Beide Mannschaften waren zu Beginn um einen geordneten Spielaufbau bemüht, das jeweilige Pressingverhalten hielt sich derweil in Grenzen. Phillip Tietz (12.) gab für Augsburg per direktem Freistoß den ersten halbwegs gefährlichen Abschluss ab, alle weiteren Bemühungen erstickten die Defensivreihen meist schon im Keim.

Entsprechend überrascht dürften die Zuschauer gewesen sein, als es plötzlich schepperte. Nach einem schön vorgetragenen Angriff des FCA über die linke Außenbahn kam Frank Onyeka (24.) aus dem Rückraum wuchtig zum Abschluss, doch SC-Torhüter Noah Atubolu lenkte den Ball mit einem starkem Reflex an die Unterkante der Latte.

Für Augsburg war es ein Weckruf.

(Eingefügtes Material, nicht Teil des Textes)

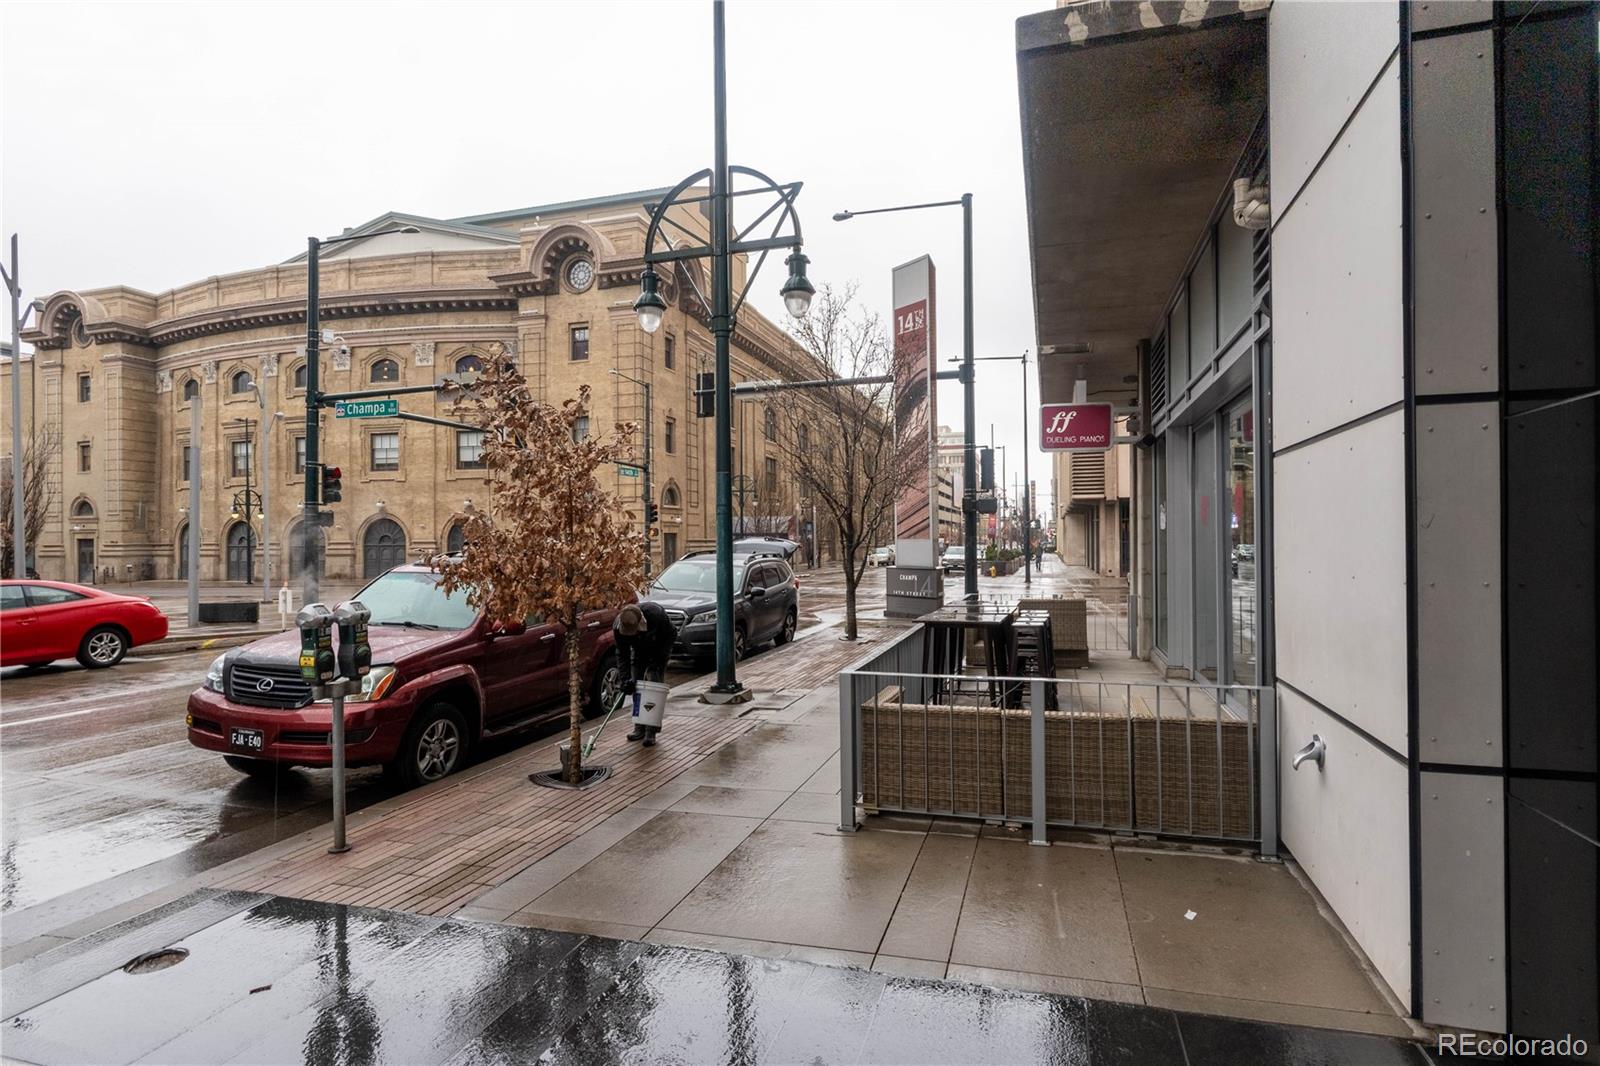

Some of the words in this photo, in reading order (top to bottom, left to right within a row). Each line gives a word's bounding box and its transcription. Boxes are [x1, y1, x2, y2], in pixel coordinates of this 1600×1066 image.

Der FCA wurde nun aktiver, konnte seine Vorteile in der Spielkontrolle aber zu selten in gefährliche Situationen ummünzen. Erst kurz vor der Pause ließ Tietz (45.+2) die nächste gute Möglichkeit ungenutzt, beim schwachen Abschluss des Stürmers war erneut Atubolu zur Stelle.

Auch die zweite Halbzeit bot zunächst nur wenige Höhepunkte - weswegen man sich getrost auf Statistisches konzentrieren konnte: Mit 399 Bundesliga-Minuten ohne Gegentor stellte FCA-Torwart Finn Dahmen einen neuen Vereinsrekord auf und baute diesen Bestwert auch noch weiter aus.

Bei der bis dahin mit Abstand besten Freiburger Chance durch den eingewechselten Niklas Beste (63.) war der 26-Jährige zur Stelle. Die Partie nahm nun an Fahrt auf, beide Mannschaften wagten sich offensiv mehr ins Risiko - ein Treffer viel aber nicht mehr.